Sendos disparos del arquitecto destrozaron las máquinas fotográficas, hiriendo una de las balas a uno de los fotógrafos.
Los «gorilas» se aprestaron a tirar también y en aquella ocasión Charles actuó sin contemplaciones, disparando a matar.
La cabeza de uno de los pistoleros dio la impresión de que hacía explosión al ser alcanzada por uno de los proyectiles.
Y el hombre cayó tras girar un cuarto de vuelta.

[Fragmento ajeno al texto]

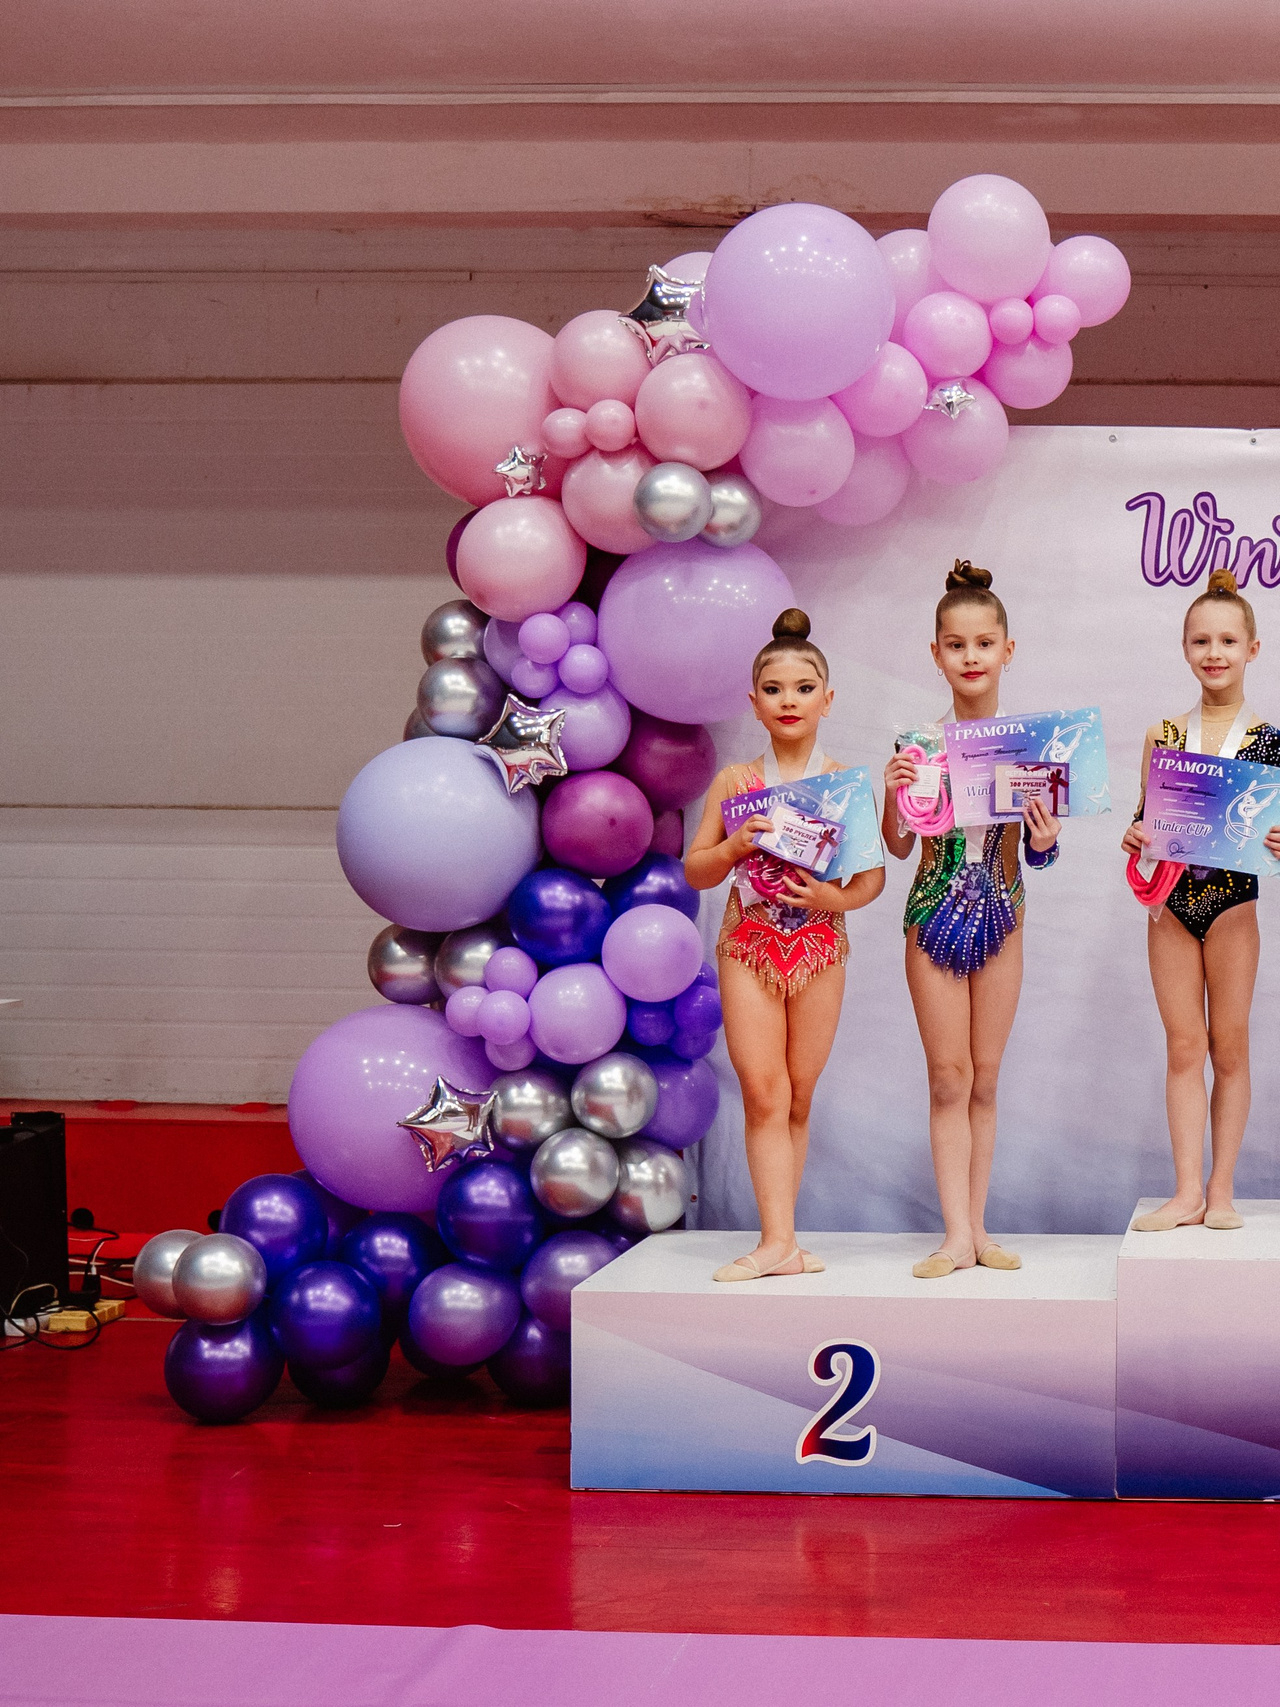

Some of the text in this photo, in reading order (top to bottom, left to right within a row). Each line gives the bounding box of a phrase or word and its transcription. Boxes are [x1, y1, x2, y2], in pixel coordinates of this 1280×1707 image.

[954, 723, 1026, 741] ГРАМОТА
[1157, 758, 1224, 778] ГРАМОТА
[730, 790, 796, 819] ГРАМОТА
[793, 830, 818, 841] РУБЛЕЙ
[1152, 818, 1213, 838] Winter CUP
[795, 1337, 881, 1468] 2

Otro balazo alcanzó al otro pistolero en el instante en que disparaba. Le dio en medio del pecho y salió lanzado hacia atrás, mientras que su bala se estrellaba contra el techo.

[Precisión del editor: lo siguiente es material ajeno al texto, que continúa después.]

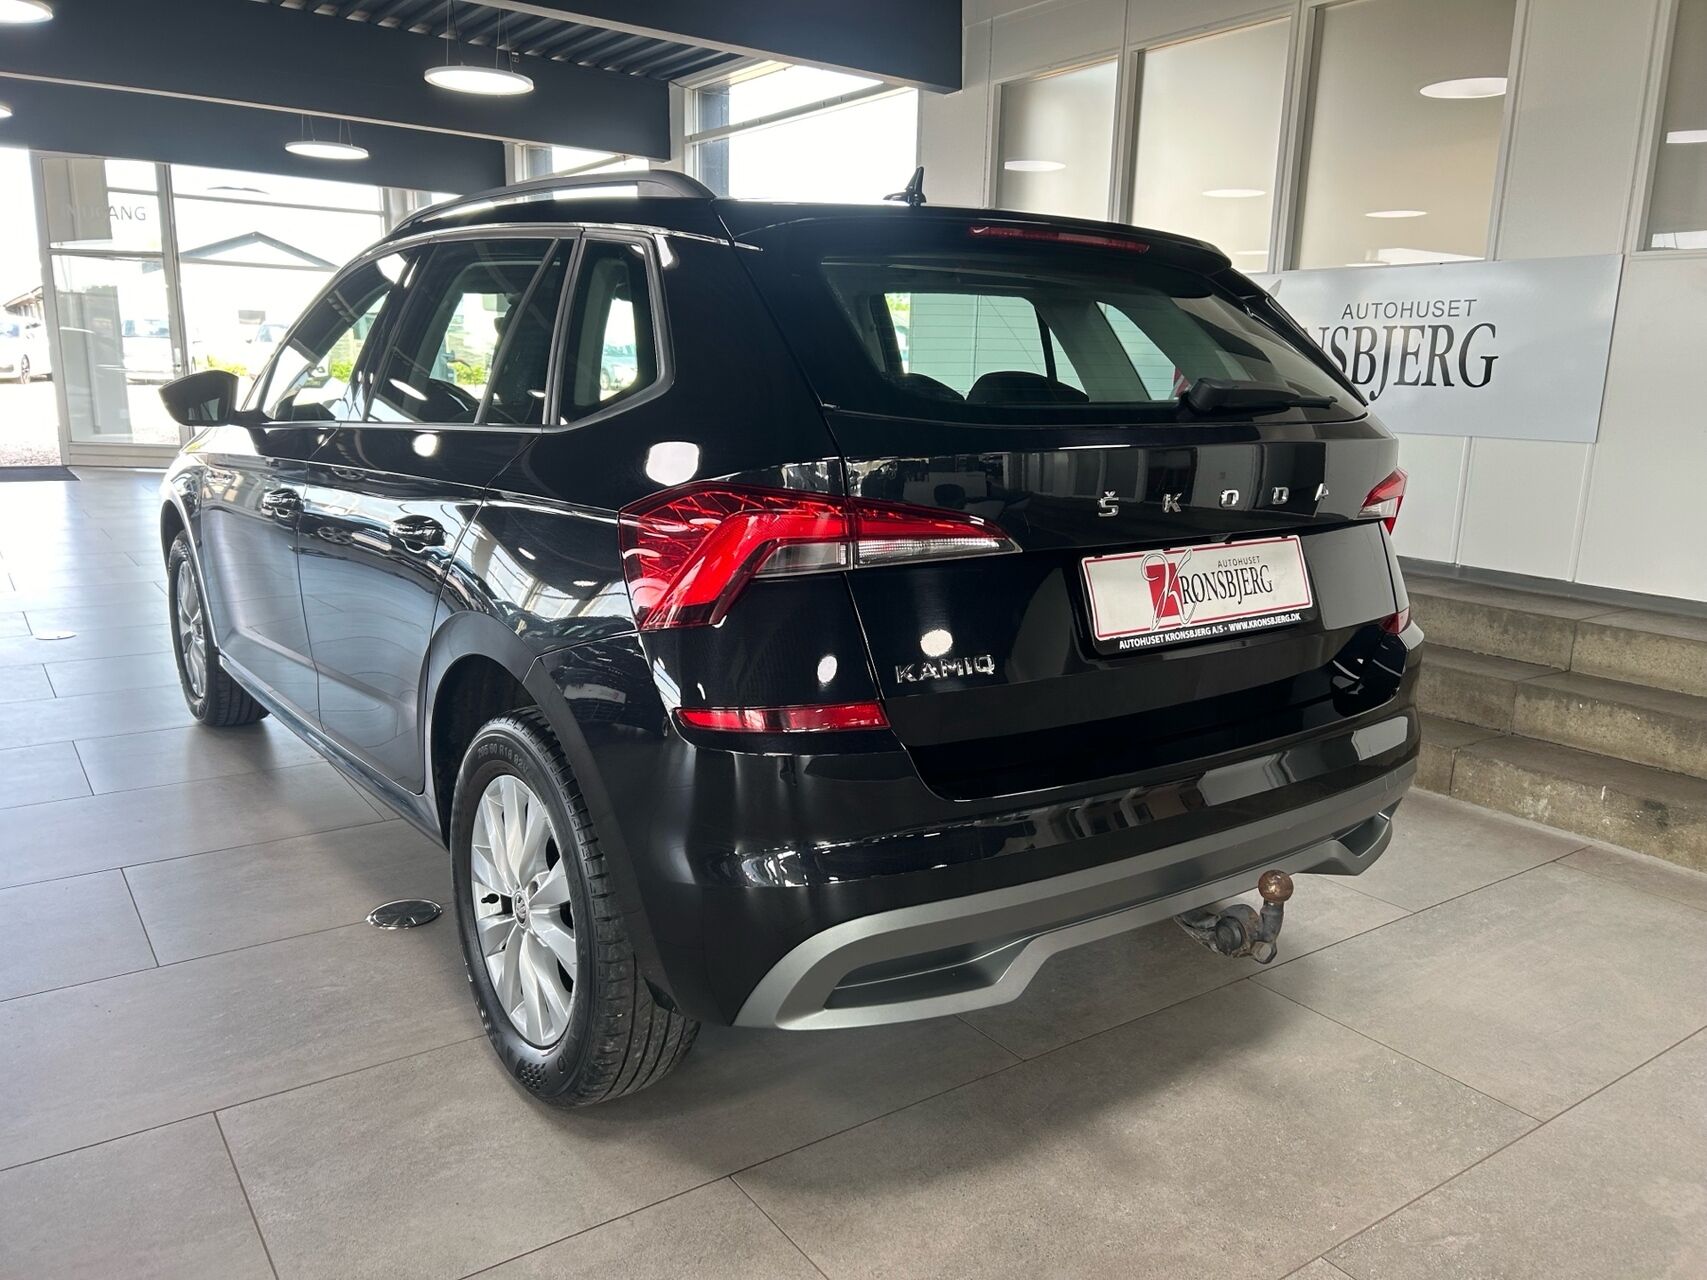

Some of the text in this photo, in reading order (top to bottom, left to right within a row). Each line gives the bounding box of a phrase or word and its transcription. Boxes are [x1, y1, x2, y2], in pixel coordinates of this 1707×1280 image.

[1341, 299, 1477, 320] AUTOHUSET
[1303, 323, 1499, 401] SBJERG
[1098, 483, 1329, 518] ŠKODA
[1217, 556, 1261, 569] AUTOHUSET
[1119, 612, 1302, 650] AUTOHUSET KRONSBJERG A/S WWW.KRONSBJERG.DK
[895, 654, 996, 684] KAMIQ

Los dos fotógrafos, perdidos sus instrumentos de trabajo, sin protección y herido uno de ellos, se lanzaron alocadamente escaleras abajo.
Lawford se disponía a cerrar; pero oyó aún que los hombres caían rodando por la escalera en su precipitada huida.

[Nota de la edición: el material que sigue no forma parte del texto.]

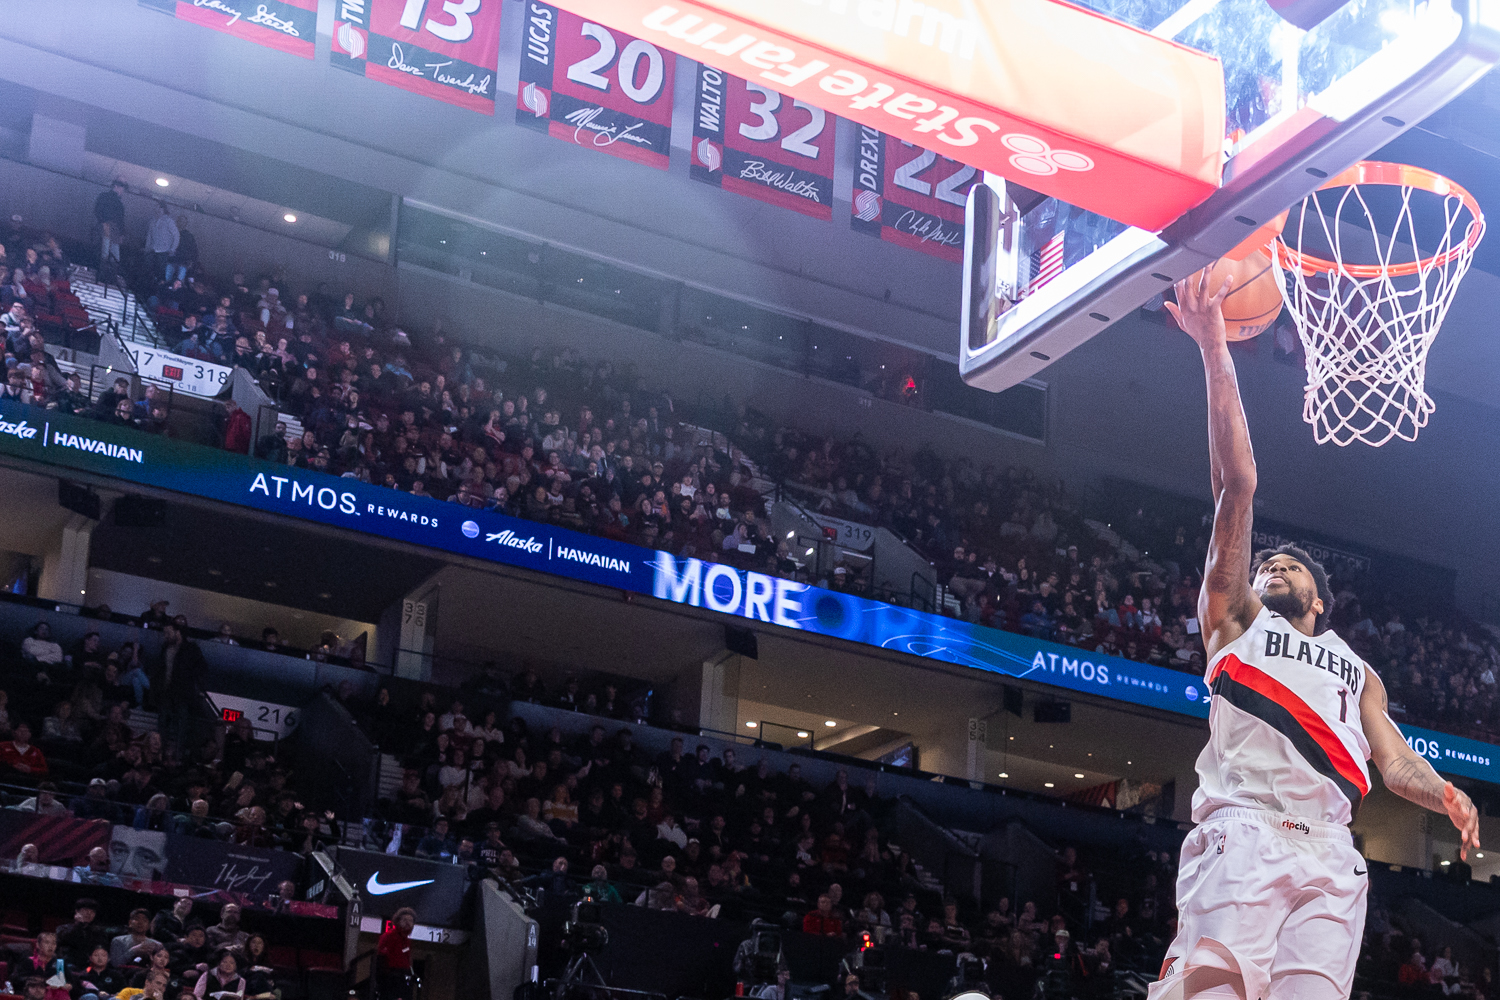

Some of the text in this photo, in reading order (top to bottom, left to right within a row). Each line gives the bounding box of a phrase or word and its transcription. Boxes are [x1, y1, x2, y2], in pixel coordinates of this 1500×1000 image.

[400, 0, 480, 42] 13
[527, 3, 553, 65] LUCAS
[566, 22, 665, 103] 20
[699, 63, 723, 132] WALTO
[738, 80, 826, 159] 32
[893, 140, 977, 207] 22
[194, 365, 228, 385] 318
[53, 431, 143, 464] HAWAIIAN
[249, 473, 439, 528] ATMOS REWARDS
[486, 529, 630, 573] Alaska HAWAIIAN
[845, 526, 872, 542] 319
[653, 550, 803, 629] MORE
[1032, 651, 1169, 694] ATMOS REWARDS
[1264, 630, 1361, 696] BLAZERS
[257, 706, 296, 727] 216
[1337, 688, 1348, 724] 1
[1445, 748, 1490, 766] REWARDS
[1282, 819, 1310, 834] ripcity

Se apresuró a cerrar, asegurando bien la puerta por dentro otra vez, para que no le pudiesen sorprender.
E inmediatamente, tomó a Nancy en sus brazos, llevándola hasta la cama.
La linda rubia estaba muy pálida, frías, muy frías las extremidades y la nariz, helor que le iba ganando el resto del cuerpo.
Y en un momento en que abrió los ojos, pudo observar Charles que tenía las pupilas muy dilatadas.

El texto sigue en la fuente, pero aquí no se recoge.